RN: In June of 2012, Harvey and I ran a rhythmic and choreography clinic for a diverse a cappella group (One World Project) for one week in Munich, Germany. That was my ﬁrst time in Europe and I was fascinated by the culture. Also in September, Harvey included me with Cold Steel to perform with them at the Ghent Festival in Belgium. He recorded their practice session in N. Carolina and sent it to me. I learned a 20-minute show from watching the video. It was so much fun working with Peter Fox, Frank Dellé and Demba Nabé!

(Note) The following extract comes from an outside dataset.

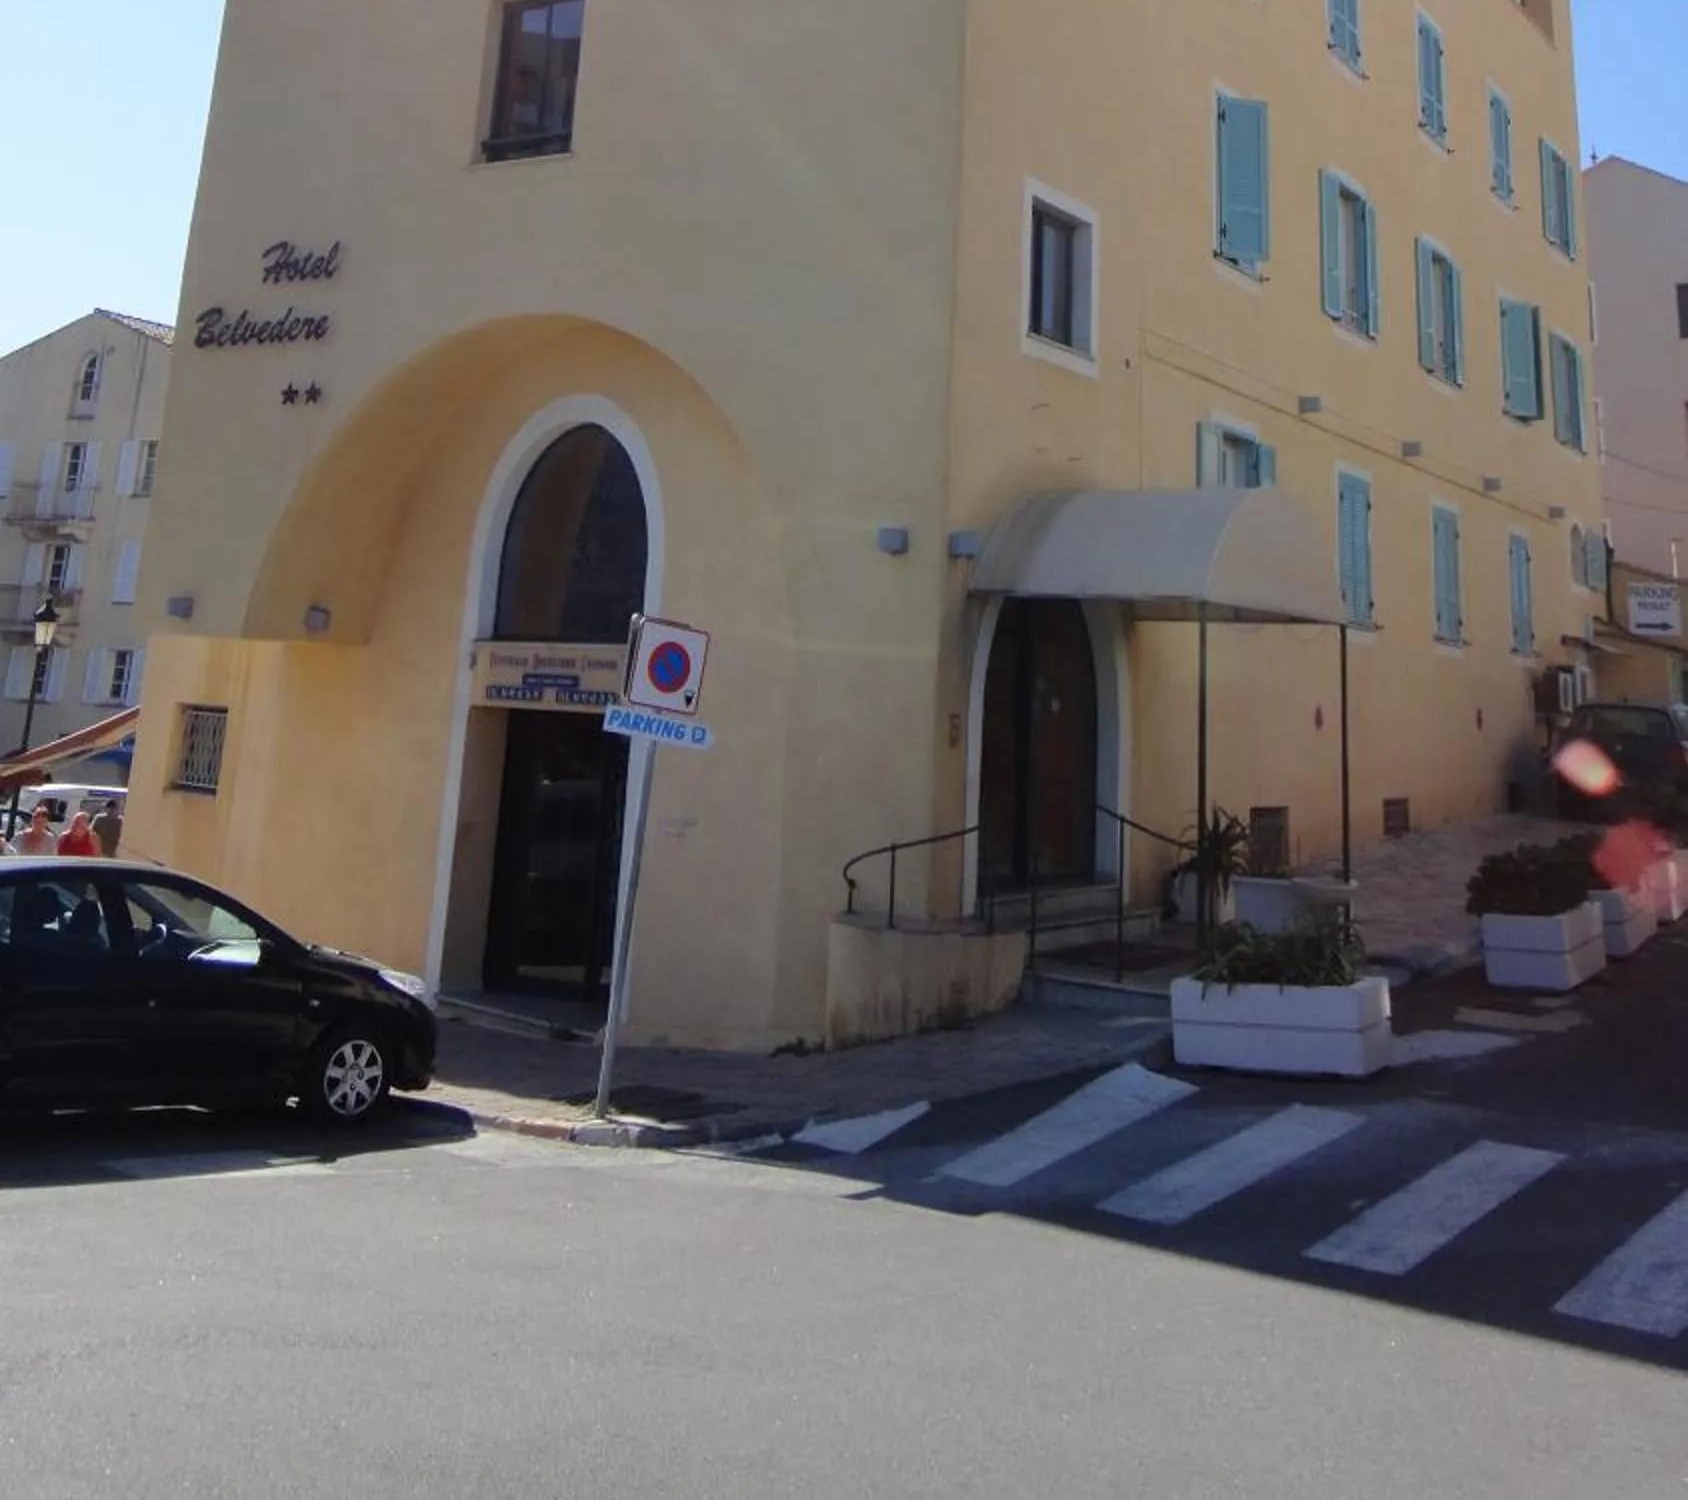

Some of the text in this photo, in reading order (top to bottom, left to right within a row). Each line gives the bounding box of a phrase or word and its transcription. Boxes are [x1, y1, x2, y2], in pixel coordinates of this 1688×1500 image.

I loved the chemistry they had and their approach to get work done. They all gel well together and add their own style to the overall product. C: You were back home in California from March until early May; in fact, you should be landing in Germany right about the time I ﬁnish typing this sentence! You’re then scheduled to spend a few months touring Germany. How are you prepping for the next big leg of the Seeed tour and what are your personal methods to stay grounded despite the extreme pace and pressure of Seeed's gigantic shows? RN: We're already in Germany and have had plenty of rehearsals, so we're not stressed about anything. We're just thinking of visual effects we can add to the show, but we're more excited than anything else! We arranged everything in the States so that it'll be smooth sailing when we're gone. We admire Seeed's ability to be extremely humbled and down to earth (cool) so we mirror their attitudes. C: How would you, yourself, describe Seeed’s very giant, very unique sound? RN: Seeed's sound is absolutely original. Each song grabs your attention and you have to move some part of your body to it. Their music keeps me in good vibes. I'm able to be a performer, as well as a fan of them.

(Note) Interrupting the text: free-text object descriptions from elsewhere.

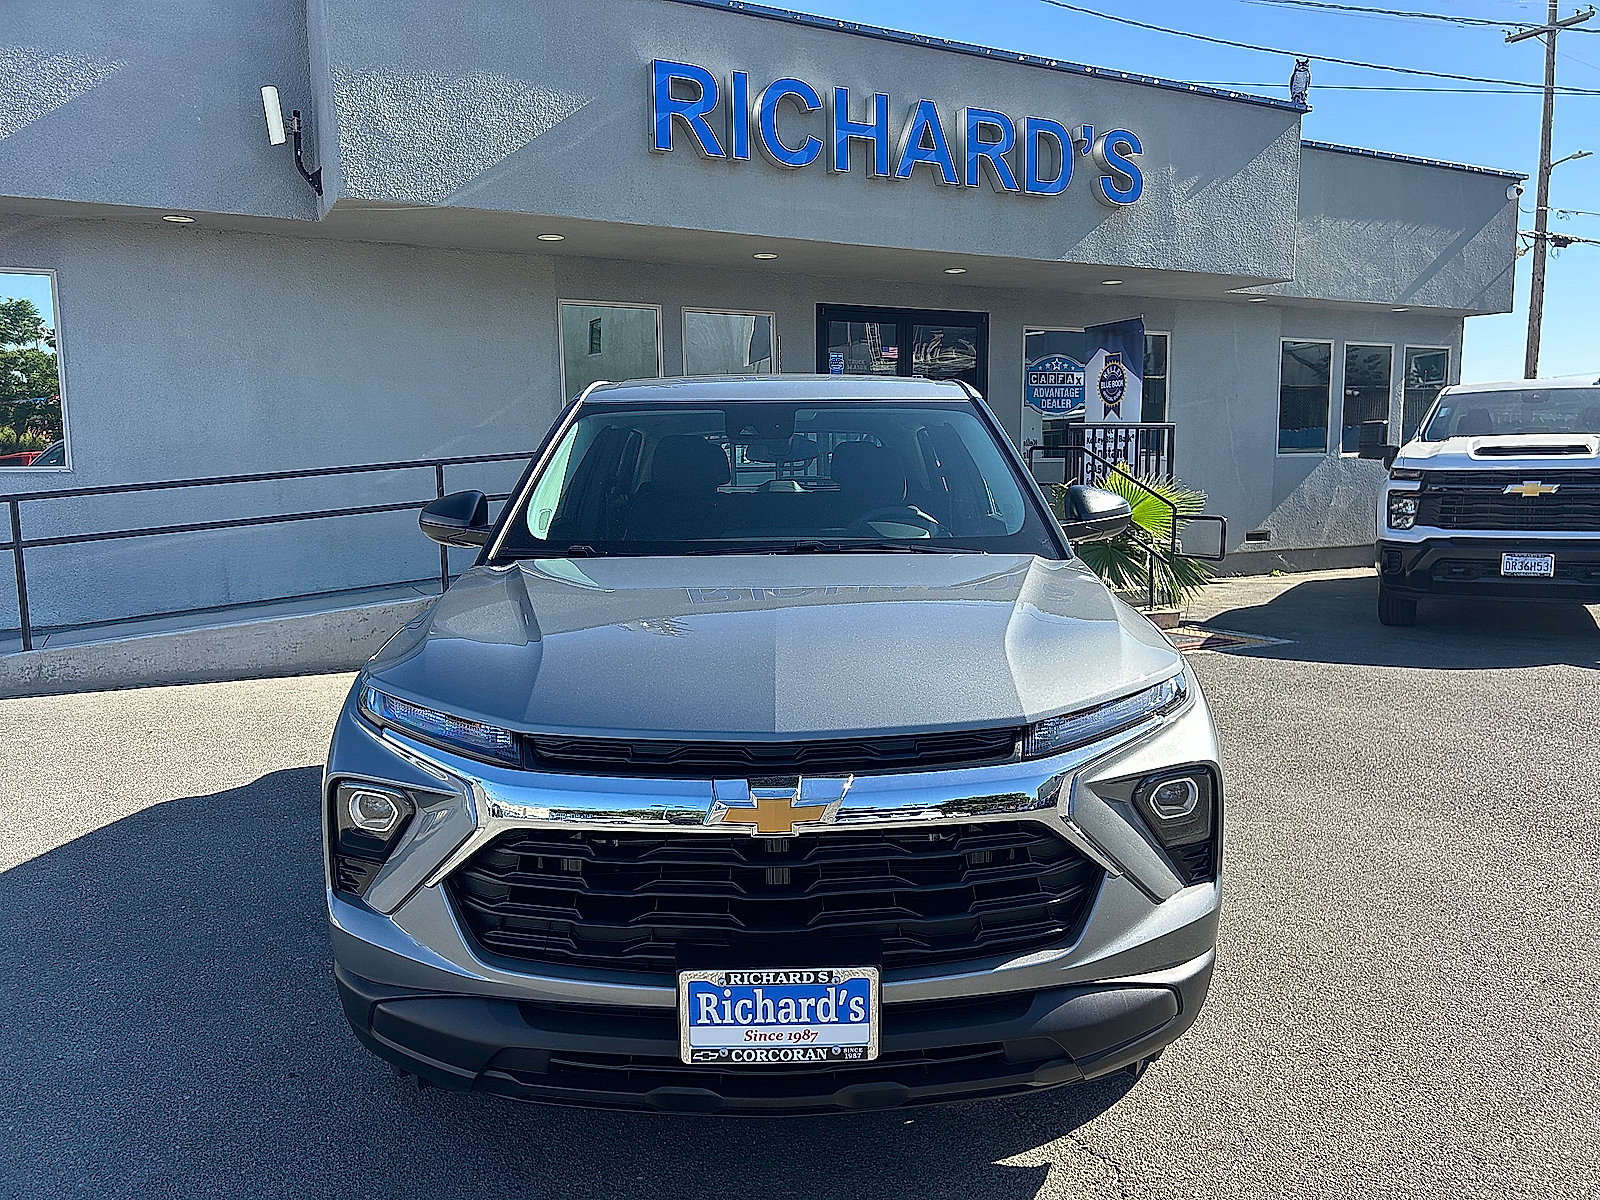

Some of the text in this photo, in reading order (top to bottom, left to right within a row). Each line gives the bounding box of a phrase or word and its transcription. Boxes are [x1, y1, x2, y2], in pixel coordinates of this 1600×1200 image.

[649, 58, 1144, 207] RICHARD'S
[1029, 372, 1084, 386] CARFAX
[1033, 388, 1080, 398] ADVANTAGE
[1041, 399, 1072, 409] DEALER
[1505, 561, 1549, 571] DR36H53
[696, 987, 865, 1024] Richard's
[744, 1029, 818, 1043] Since 1987
[731, 1048, 828, 1062] CORCORAN
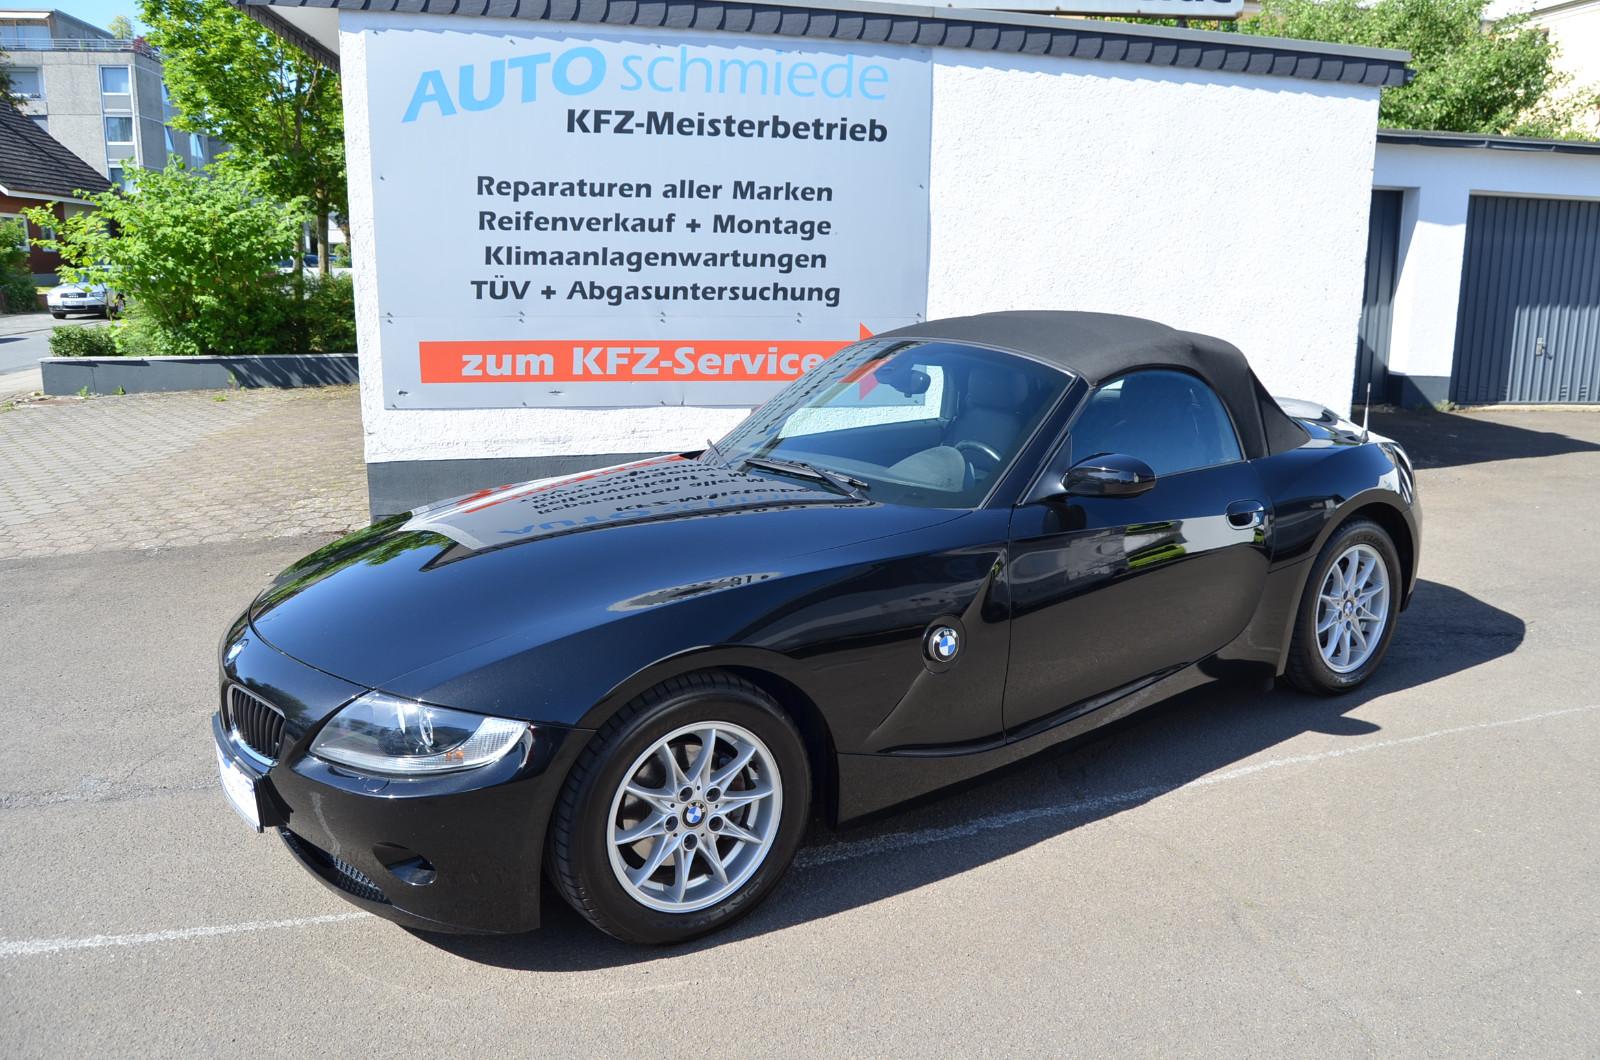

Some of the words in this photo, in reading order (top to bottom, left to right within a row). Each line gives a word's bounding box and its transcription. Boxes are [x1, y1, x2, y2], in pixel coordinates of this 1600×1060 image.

[402, 46, 607, 124] AUTO
[619, 45, 889, 102] schmiede
[567, 109, 888, 143] KFZ-Meisterbetrieb
[477, 175, 652, 202] Reparaturen
[662, 179, 723, 200] aller
[732, 180, 833, 203] Marken
[478, 210, 676, 233] Reifenverkauf
[686, 218, 701, 233] +
[712, 214, 832, 241] Montage
[484, 245, 827, 274] Klimaanlagenwartungen
[471, 274, 531, 300] TÜV
[541, 285, 557, 300] +
[566, 280, 841, 308] Abgasuntersuchung
[461, 353, 555, 377] zum
[572, 346, 825, 376] KFZ-Service

C: Did being so far away from the USA open your mind to any new thought or musical processes? RN: I love to learn about people, cultures, foods, areas and history. Having the opportunity to travel outside the United States has deﬁnitely broadened my knowledge on all those factors and also developed me as an individual. Sometimes we have to take a step away from something to understand and see things clearly. C: How do you come up with new drum lines and riffs? Do you have to go after the ideas or do they come after you? RN: My drum riffs are all inﬂuenced by mood. I listen to all kinds of music of different feels and tempos and arrange my drumming around it. At ﬁrst I'll play around with some ideas, build from that, write them out, then record them. C: What do you think might be different with this next leg of the Seeed tour - the festival tour - compared to the one you all just ﬁnished in March? RN: There will be more artists and bands around that'll also impact the crowd sizes. I look forward to this upcoming tour because it'll allow me to sit with other artists on a mutual level and learn from them. C: Ralph, you radiate such happiness and positivity and - especially on Facebook - you are constantly encouraging and inspiring others. How do you envision the future in this weird and wild world? RN: There's a lot going on in the world today. So much, that people tend to forget the little things that makes them happy. From experience, the world can stress you to death and make you feel hopeless and worthless. I'm just trying to give that sense of hope and supply simple guidelines to follow that'll make living a little more enjoyable. It seems like it's frowned upon to live a happy life nowadays, so I'm big on sharing happiness!